Built in 1873 and owned by Phillip Perceval Esq, when Cowes first became a renowned yachting centre, the Villa was often frequented by the great personalities of the age - indeed the Prince of Wales (Edward Albert, Queen Victoria’s eldest son & prior to becoming Edward VII in 1901) was known to frequent the property when it was known as ‘Montretout’. It was at this time that he gave his name to the property though his title – The ‘Duke of Rothesay’.
The Perceval’s had four children who grew up at the house. It was here that their eldest son (also called Philip - born 1868) developed his love of sailing: it was only a few steps down the 'Zig Zag' steps to Princes Green where he would have watched the spectacular racing. He would also have visited the Royal Yacht Squadron and other prestigious sailing clubs with his father.

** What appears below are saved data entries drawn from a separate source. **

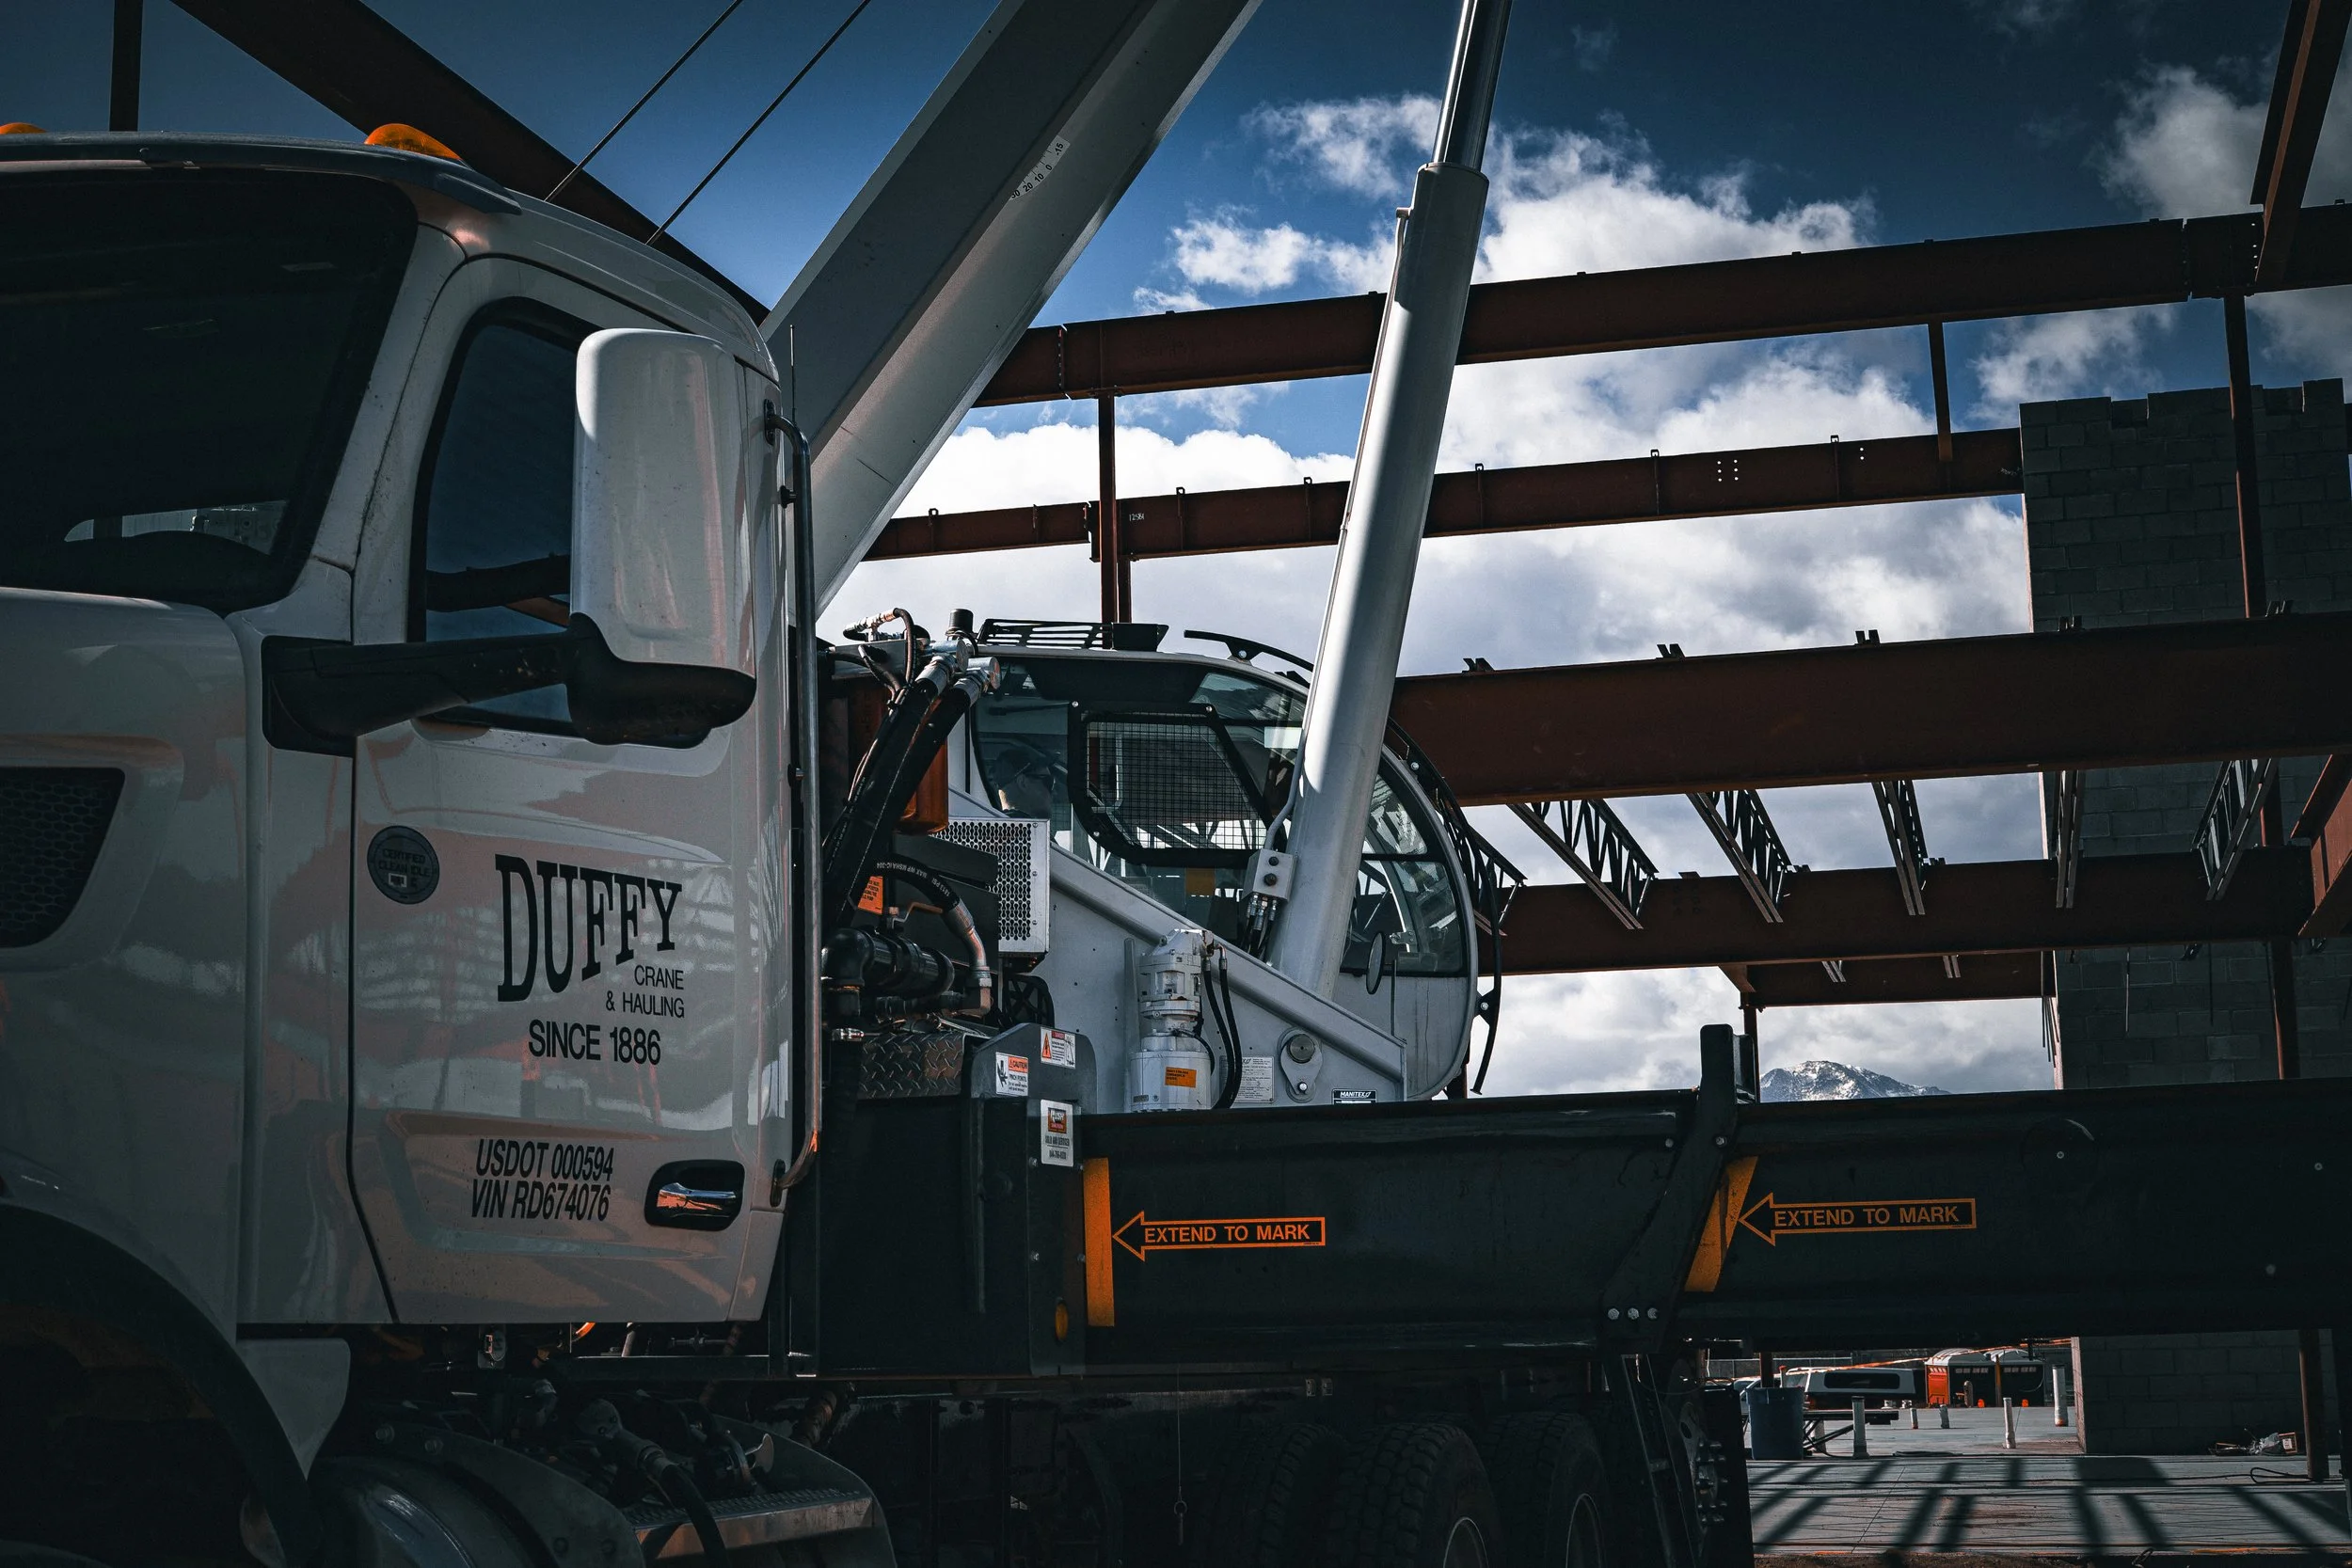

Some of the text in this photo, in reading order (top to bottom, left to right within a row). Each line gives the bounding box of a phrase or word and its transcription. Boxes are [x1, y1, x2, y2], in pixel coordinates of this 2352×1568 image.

[1023, 182, 1033, 192] 20
[1035, 173, 1044, 182] 10
[378, 860, 407, 874] CLEAN
[914, 868, 928, 879] MAX
[495, 854, 683, 1003] DUFFY
[634, 965, 684, 990] CRANE
[606, 990, 685, 1019] & HAULING
[529, 1019, 660, 1065] SINCE 1886
[1013, 1060, 1027, 1069] CAUTION
[475, 1139, 614, 1181] USDOT 000594
[471, 1180, 611, 1221] VIN RD674076
[1773, 1205, 1959, 1227] EXTEND TO MARK
[1144, 1224, 1311, 1243] EXTEND TO MARK

He honed his skills sailing small dingy craft and in 1896 he won 50 prizes in 56 starts. He was commodore of the Island Sailing Club 1901-1903.
In 1905 he changed his surname after acquiring an inheritance through the female line of the Hunloke family.

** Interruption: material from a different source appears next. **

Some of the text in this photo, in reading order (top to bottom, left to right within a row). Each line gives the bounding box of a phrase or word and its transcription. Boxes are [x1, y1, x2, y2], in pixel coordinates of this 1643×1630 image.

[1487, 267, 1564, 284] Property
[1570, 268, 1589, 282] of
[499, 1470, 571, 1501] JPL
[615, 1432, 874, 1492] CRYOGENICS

As helmsman on Sorias, an 8 metre yacht owned by the Duchess of Westminster, he won a Bronze medal for Great Britain at the 1908 Olympics held in the UK.
In 1914 he was made Groom-in-Waiting to George V and in 1920 became his Sailing Master. Now began a close association with the Royal Yacht Britannia, a "K" class yacht that was converted to “J” class that graced the Solent during the years between the great wars. He is generally regarded as one of the 20th century's greatest helmsman. He was invested as a Knight Grand Cross, Royal Victorian Order (G.C.V.O.). He became the first President of the newly formed Royal Ocean Racing Club and was instrumental in creating the now world famous Fastnet Race - first raced in 1925.
Without doubt it can safely be said that Sir Philip carried the heaviest responsibility in Cowes Week. As helmsman of Britannia with the King on board, Sir Philip admitted that before the racing season he suffered nightmares connected with the race starting line at Cowes.
After the death of George V in 1936 Sir Philip accepted the responsibility of carrying out the King’s wish to dispose of the Royal Yacht Britannia. On 10 July 1936, after the Britannia had been stripped of her spars and fittings, her hull was towed out to St Catherines Deep off the south of the Island and scuttled using explosives by the Royal Navy.
Sir Philip went on to become the Commodore of the Royal Yacht Squadron from 1943 until his death in 1947. A plaque in his memory can be found in Holy Trinity Church in Cowes.
The Second World War years saw the Villa Rothsay suffer bomb damage to its Billiard Room, which subsequently became part of the garden terrace. The Villa was converted to residential flats in the 1940's.
Acquired by the Ankers family in 1970, Pixie and her daughters, Margaret & Miranda set about returning the building to its original grandeur and started a Carvery Restaurant in 1981. They were helped and supported in this endeavour by Edward Heath, the Prime Minister of the day who was a regular visitor to Cowes, sailing on 'Morning Cloud' and was one of their first patrons.
The hotel was a natural extension to the restaurant business and started in the summer of 1985. Since then it has attracted the patronage of many of the World's top yachtsmen & international sailing teams, Powerboaters, royalty, business personalities and more than its fair share of celebrities.